Linda K When a Murmur Turns Serious

“The nurses and everyone at both RWJUH Rahway and NBI were fantastic."

As a commercial paralegal for a busy law firm, Linda Kurak is always in motion. “I assist attorneys in coordinating closings, reviewing title commitments and preparing documents to keep everything moving smoothly,” she says.

Early last year, however, the 73-year-old Iselin resident began to develop signs of fatigue. She wasn’t sleeping well and sometimes had trouble negotiating the front step to her house.

She figured the cause was related to her heart murmur, which she had lived with her whole life. “I was struggling to get through each day, and when I would go to bed, I could actually hear my murmur,” she says.

Howard L. Levitt, MD
Howard L. Levitt, MD

Still, Linda put off seeking treatment. Then on April 1, 2023, she felt pain in her chest that radiated down her left arm. She headed to an urgent care clinic near her home. “They did an EKG and told me I needed to go to an emergency room right away,” Linda says.
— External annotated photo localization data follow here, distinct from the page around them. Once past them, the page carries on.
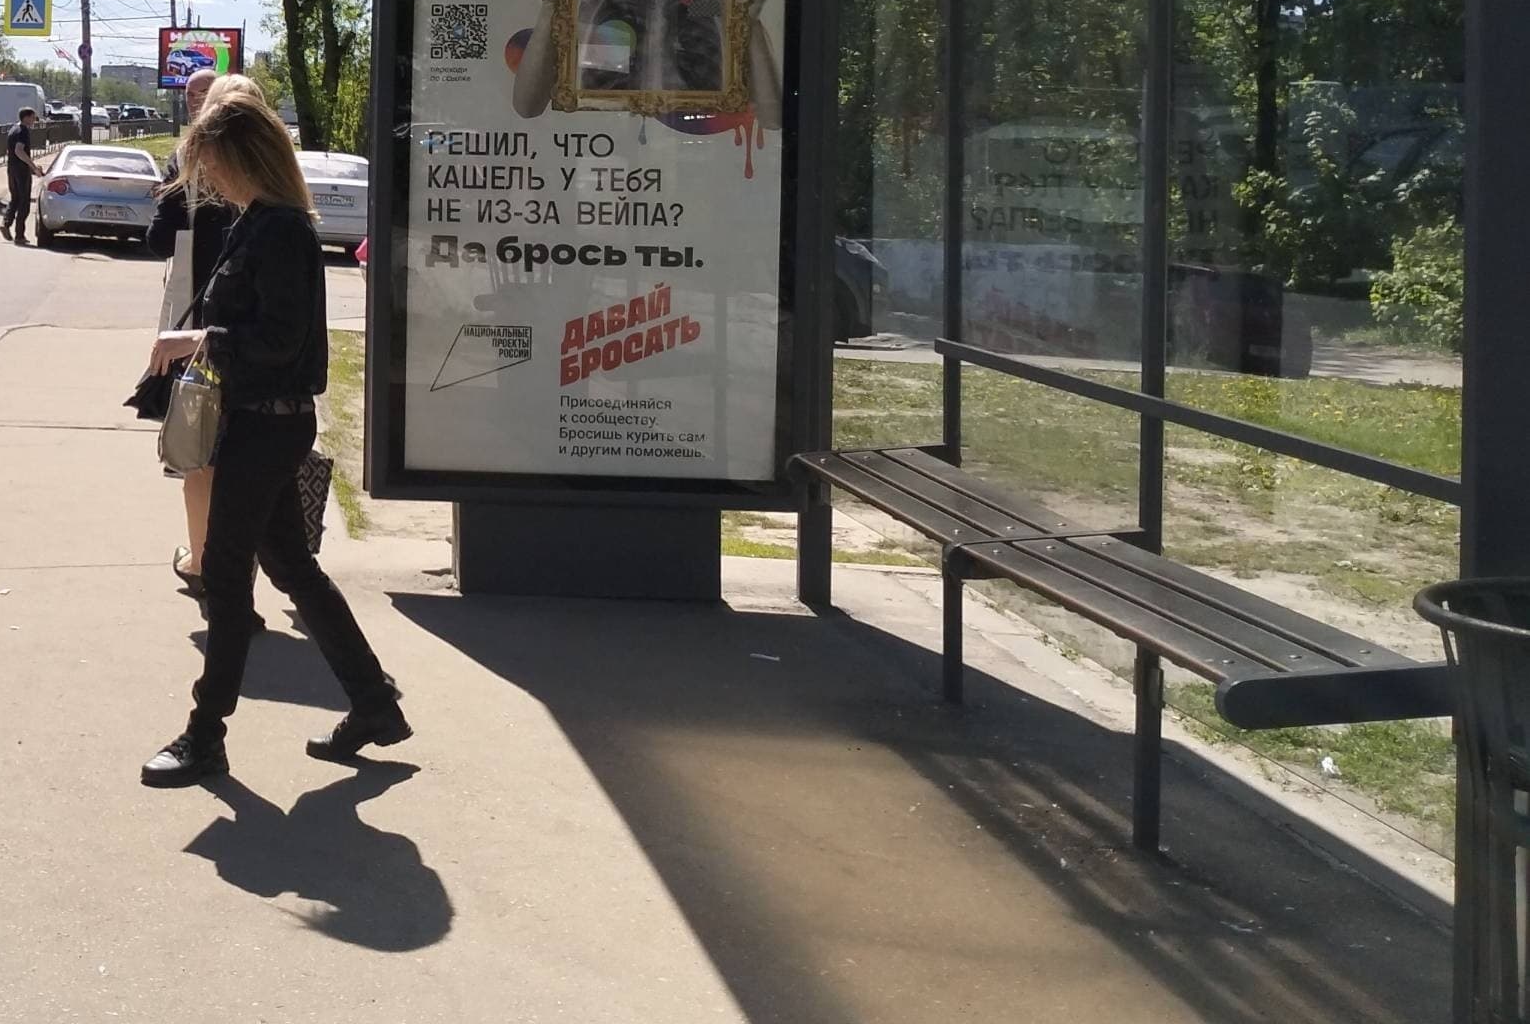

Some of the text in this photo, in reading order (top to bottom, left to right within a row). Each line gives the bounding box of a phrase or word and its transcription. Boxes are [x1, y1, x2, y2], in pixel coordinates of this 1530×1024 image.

[427, 130, 615, 160] РЕШИЛ, ЧТО
[427, 165, 546, 191] КАШЕЛЬ
[560, 167, 577, 192] У
[427, 196, 685, 227] НЕ ИЗ-ЗА ВЕЙПА?
[425, 234, 705, 273] Да брось ты.
[560, 282, 671, 356] ДАВАЙ
[463, 327, 530, 338] НАЦИОНАЛЬНЫЕ
[492, 337, 530, 348] ПРОЕКТЫ
[560, 314, 702, 387] БРОСАТЬ
[498, 348, 529, 358] РОССИИ
[559, 395, 673, 411] Присоединяйся
[559, 412, 660, 428] к сообществу.
[559, 426, 705, 444] Бросишь курить сам
[558, 445, 706, 458] и другим поможешь.
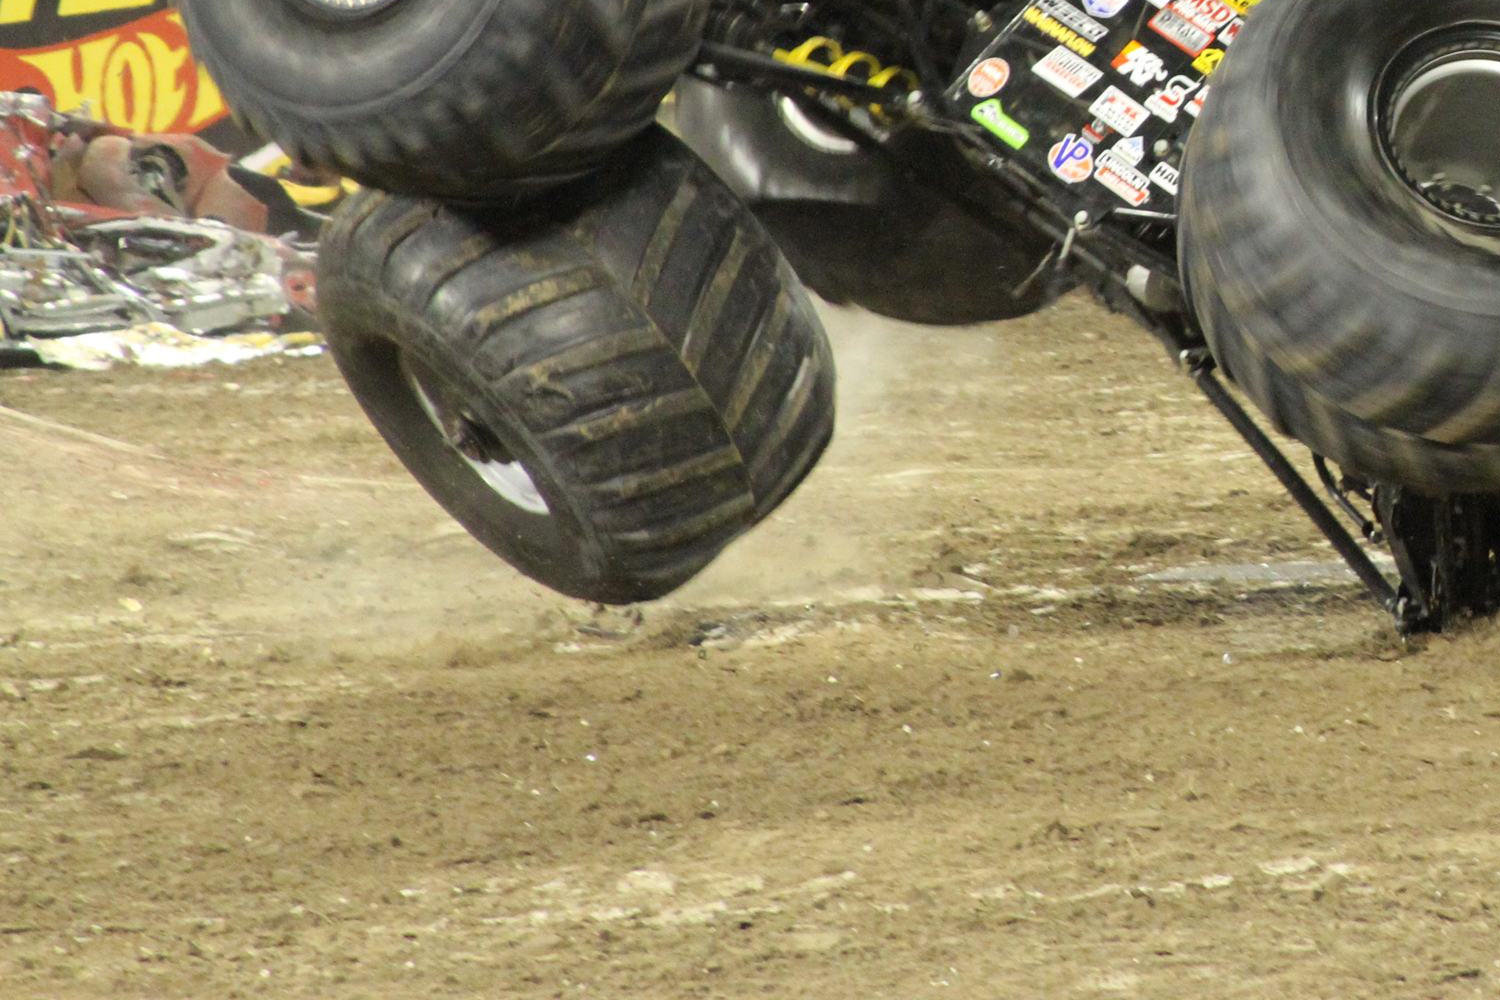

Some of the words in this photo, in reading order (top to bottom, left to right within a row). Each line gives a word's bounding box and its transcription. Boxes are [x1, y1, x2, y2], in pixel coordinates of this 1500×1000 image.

[17, 32, 189, 133] HOT
[1052, 136, 1090, 169] VP
[1098, 152, 1147, 191] LINCOLN
She immediately headed to Robert Wood Johnson University Hospital Rahway (RWJUH).

Groundbreaking Treatment

Inside the RWJUH Rahway Emergency Department, doctors rushed to stabilize Linda and treat her symptoms. Cardiologist Howard Levitt, MD, worked to find the root cause of her problem. “Her murmur was consistent with a condition called aortic stenosis,” says Dr. Levitt, Division Director, Cardiology, at RWJUH Rahway.

Aortic stenosis occurs when the aortic valve—the largest of the heart’s four valves—begins to narrow, restricting blood flow to the rest of the body. “The degree of narrowing can be mild, moderate, severe or critical,” Dr. Levitt says. Linda’s stenosis had reached the critical level.

In the past, open heart surgery was the only treatment for severe aortic stenosis. Today, patients like Linda can benefit from a newer and less invasive approach called transcatheter aortic valve replacement (TAVR).

During a TAVR procedure—performed in a cardiac catheterization laboratory— an interventional cardiologist inserts a catheter into an artery, usually in the groin, then threads a replacement valve through the catheter up into the heart. Once the new valve is in position, the doctor opens it using the catheter, restoring proper blood flow.

“TAVR was initially just used in patients who were too high-risk for open heart surgery, but over time, it’s proven to be effective for people at moderate and low risk, too,” Dr. Levitt says. “In Linda’s case, I knew TAVR would allow her to get back on her feet and recover quickly.”

Sergio Waxman, MD, MBA
Sergio Waxman, MD, MBA

Coordinated Care

As a patient at RWJUH Rahway, Linda had seamless and convenient access to the highly specialized TAVR procedure at Newark Beth Israel Medical Center (NBI). Both hospitals are part of the RWJBarnabas Health system, which also meant that Linda could return to RWJUH Rahway and receive coordinated follow-up care locally.

“We operate as one Division of Cardiology that works across two locations,” Dr. Levitt says.

As soon as Linda received the go-ahead for TAVR, Dr. Levitt and his team arranged for transportation by ambulance to NBI. “We made it there in just 12 minutes,” Linda says. Interventional cardiologist Sergio Waxman, MD, MBA, Chief of the Division of Cardiology at NBI, performed Linda’s TAVR procedure. She returned home the next day.

“The nurses and everyone at both RWJUH Rahway and NBI were fantastic,” Linda says. “Everybody was so nice. And Dr. Levitt took really good care of me. He’s very easygoing and personable. He addressed all of my concerns and made me feel comfortable.” Just two weeks after undergoing the TAVR procedure, Linda was back to work. In the months since, she has faithfully attended follow-up visits at RWJUH Rahway’s outpatient heart clinic, which offers both scheduled and walk-in appointments.

She also has made a few lifestyle changes to keep her heart healthier in the long term. “I don’t eat any more fried foods or fat, and I follow a low-sodium diet,” she says. “I cut down on the sweets, too.”

Linda’s experience taught her a valuable lesson that she now shares with others. “When your body tells you something, listen,” she says. “I should have sought care for my heart murmur sooner. I’m fortunate everything worked out the way it did.”

Aortic Stenosis: A Subtle Disease

While aortic stenosis is the most common form of heart valve disease, it often shows only mild or moderate symptoms and can be hard to diagnose. “It tends to come on gradually as people age,” says Howard Levitt, MD, Division Director, Cardiology, at Robert Wood Johnson University Hospital Rahway.

Common symptoms in addition to having a heart murmur include shortness of breath, fatigue and dizziness. “The problem is that most people who experience these symptoms chalk them up to aging or being out of shape, so they don’t seek help,” says Dr. Levitt. “That means they may not get care until it’s an emergency.”

If you experience any of the symptoms of aortic stenosis—or live with a murmur—seek care from a cardiologist.